__Work required__
Please return every line of the listing. Keep each one exact.
++++ Data provided ++++
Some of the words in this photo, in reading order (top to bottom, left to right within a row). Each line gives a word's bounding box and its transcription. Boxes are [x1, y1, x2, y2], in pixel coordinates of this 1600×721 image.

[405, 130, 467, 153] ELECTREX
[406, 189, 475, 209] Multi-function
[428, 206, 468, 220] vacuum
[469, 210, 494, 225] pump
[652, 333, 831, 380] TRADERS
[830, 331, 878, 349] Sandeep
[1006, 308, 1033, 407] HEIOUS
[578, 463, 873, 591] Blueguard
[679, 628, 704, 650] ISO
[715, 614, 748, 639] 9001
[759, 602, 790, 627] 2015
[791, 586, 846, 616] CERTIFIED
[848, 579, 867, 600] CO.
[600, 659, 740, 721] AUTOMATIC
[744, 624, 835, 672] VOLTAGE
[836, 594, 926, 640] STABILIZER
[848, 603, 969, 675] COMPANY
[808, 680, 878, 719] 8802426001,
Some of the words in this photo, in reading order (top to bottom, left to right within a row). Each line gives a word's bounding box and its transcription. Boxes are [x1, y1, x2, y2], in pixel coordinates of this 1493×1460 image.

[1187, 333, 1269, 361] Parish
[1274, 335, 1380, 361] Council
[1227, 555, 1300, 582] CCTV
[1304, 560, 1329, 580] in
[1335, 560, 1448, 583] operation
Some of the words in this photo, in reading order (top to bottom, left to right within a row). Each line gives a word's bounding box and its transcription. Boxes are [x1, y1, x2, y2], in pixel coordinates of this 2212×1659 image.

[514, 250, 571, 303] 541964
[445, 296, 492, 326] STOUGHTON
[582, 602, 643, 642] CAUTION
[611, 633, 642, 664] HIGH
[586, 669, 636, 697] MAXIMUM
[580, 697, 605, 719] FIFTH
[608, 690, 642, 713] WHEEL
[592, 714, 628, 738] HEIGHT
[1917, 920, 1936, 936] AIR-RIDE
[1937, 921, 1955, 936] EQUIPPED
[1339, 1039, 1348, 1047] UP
++++
__Solution to the exercise__
Some of the words in this photo, in reading order (top to bottom, left to right within a row). Each line gives a word's bounding box and its transcription. Boxes are [x1, y1, x2, y2], in pixel coordinates of this 1600×721 image.

[405, 130, 467, 153] ELECTREX
[406, 189, 475, 209] Multi-function
[428, 206, 468, 220] vacuum
[469, 210, 494, 225] pump
[652, 333, 831, 380] TRADERS
[830, 331, 878, 349] Sandeep
[1006, 308, 1033, 407] HEIOUS
[578, 463, 873, 591] Blueguard
[679, 628, 704, 650] ISO
[715, 614, 748, 639] 9001
[759, 602, 790, 627] 2015
[791, 586, 846, 616] CERTIFIED
[848, 579, 867, 600] CO.
[600, 659, 740, 721] AUTOMATIC
[744, 624, 835, 672] VOLTAGE
[836, 594, 926, 640] STABILIZER
[848, 603, 969, 675] COMPANY
[808, 680, 878, 719] 8802426001,
Some of the words in this photo, in reading order (top to bottom, left to right within a row). Each line gives a word's bounding box and its transcription. Boxes are [x1, y1, x2, y2], in pixel coordinates of this 1493×1460 image.

[1187, 333, 1269, 361] Parish
[1274, 335, 1380, 361] Council
[1227, 555, 1300, 582] CCTV
[1304, 560, 1329, 580] in
[1335, 560, 1448, 583] operation
Some of the words in this photo, in reading order (top to bottom, left to right within a row). Each line gives a word's bounding box and its transcription. Boxes are [x1, y1, x2, y2], in pixel coordinates of this 2212×1659 image.

[514, 250, 571, 303] 541964
[445, 296, 492, 326] STOUGHTON
[582, 602, 643, 642] CAUTION
[611, 633, 642, 664] HIGH
[586, 669, 636, 697] MAXIMUM
[580, 697, 605, 719] FIFTH
[608, 690, 642, 713] WHEEL
[592, 714, 628, 738] HEIGHT
[1917, 920, 1936, 936] AIR-RIDE
[1937, 921, 1955, 936] EQUIPPED
[1339, 1039, 1348, 1047] UP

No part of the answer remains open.